◆ Data in this exercise:
------
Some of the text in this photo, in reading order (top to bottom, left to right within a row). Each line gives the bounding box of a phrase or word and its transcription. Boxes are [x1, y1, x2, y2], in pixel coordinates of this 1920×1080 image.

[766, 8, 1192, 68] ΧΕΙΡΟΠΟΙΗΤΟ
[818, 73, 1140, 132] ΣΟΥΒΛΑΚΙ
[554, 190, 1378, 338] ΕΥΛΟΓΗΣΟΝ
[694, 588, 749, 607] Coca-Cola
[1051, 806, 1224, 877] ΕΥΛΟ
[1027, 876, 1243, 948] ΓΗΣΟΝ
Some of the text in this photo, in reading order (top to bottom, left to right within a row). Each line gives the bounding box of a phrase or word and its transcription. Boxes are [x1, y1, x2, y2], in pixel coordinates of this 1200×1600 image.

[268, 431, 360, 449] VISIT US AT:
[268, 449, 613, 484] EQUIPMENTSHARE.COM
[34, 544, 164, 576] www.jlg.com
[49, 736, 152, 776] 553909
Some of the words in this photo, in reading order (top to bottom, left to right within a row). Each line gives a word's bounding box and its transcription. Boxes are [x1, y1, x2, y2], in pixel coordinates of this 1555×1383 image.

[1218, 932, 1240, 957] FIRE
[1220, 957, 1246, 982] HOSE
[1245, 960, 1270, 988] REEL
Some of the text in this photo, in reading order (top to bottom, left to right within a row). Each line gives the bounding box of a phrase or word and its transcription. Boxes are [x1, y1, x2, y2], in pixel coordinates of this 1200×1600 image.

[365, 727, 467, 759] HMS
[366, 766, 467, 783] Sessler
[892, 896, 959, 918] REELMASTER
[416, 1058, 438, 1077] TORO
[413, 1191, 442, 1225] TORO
------
◆ Exercise aim: Every record must be retyped so that it matches the original exactly.

◆ Task output:
Some of the text in this photo, in reading order (top to bottom, left to right within a row). Each line gives the bounding box of a phrase or word and its transcription. Boxes are [x1, y1, x2, y2], in pixel coordinates of this 1920×1080 image.

[766, 8, 1192, 68] ΧΕΙΡΟΠΟΙΗΤΟ
[818, 73, 1140, 132] ΣΟΥΒΛΑΚΙ
[554, 190, 1378, 338] ΕΥΛΟΓΗΣΟΝ
[694, 588, 749, 607] Coca-Cola
[1051, 806, 1224, 877] ΕΥΛΟ
[1027, 876, 1243, 948] ΓΗΣΟΝ
Some of the text in this photo, in reading order (top to bottom, left to right within a row). Each line gives the bounding box of a phrase or word and its transcription. Boxes are [x1, y1, x2, y2], in pixel coordinates of this 1200×1600 image.

[268, 431, 360, 449] VISIT US AT:
[268, 449, 613, 484] EQUIPMENTSHARE.COM
[34, 544, 164, 576] www.jlg.com
[49, 736, 152, 776] 553909
Some of the words in this photo, in reading order (top to bottom, left to right within a row). Each line gives a word's bounding box and its transcription. Boxes are [x1, y1, x2, y2], in pixel coordinates of this 1555×1383 image.

[1218, 932, 1240, 957] FIRE
[1220, 957, 1246, 982] HOSE
[1245, 960, 1270, 988] REEL
Some of the text in this photo, in reading order (top to bottom, left to right within a row). Each line gives the bounding box of a phrase or word and its transcription. Boxes are [x1, y1, x2, y2], in pixel coordinates of this 1200×1600 image.

[365, 727, 467, 759] HMS
[366, 766, 467, 783] Sessler
[892, 896, 959, 918] REELMASTER
[416, 1058, 438, 1077] TORO
[413, 1191, 442, 1225] TORO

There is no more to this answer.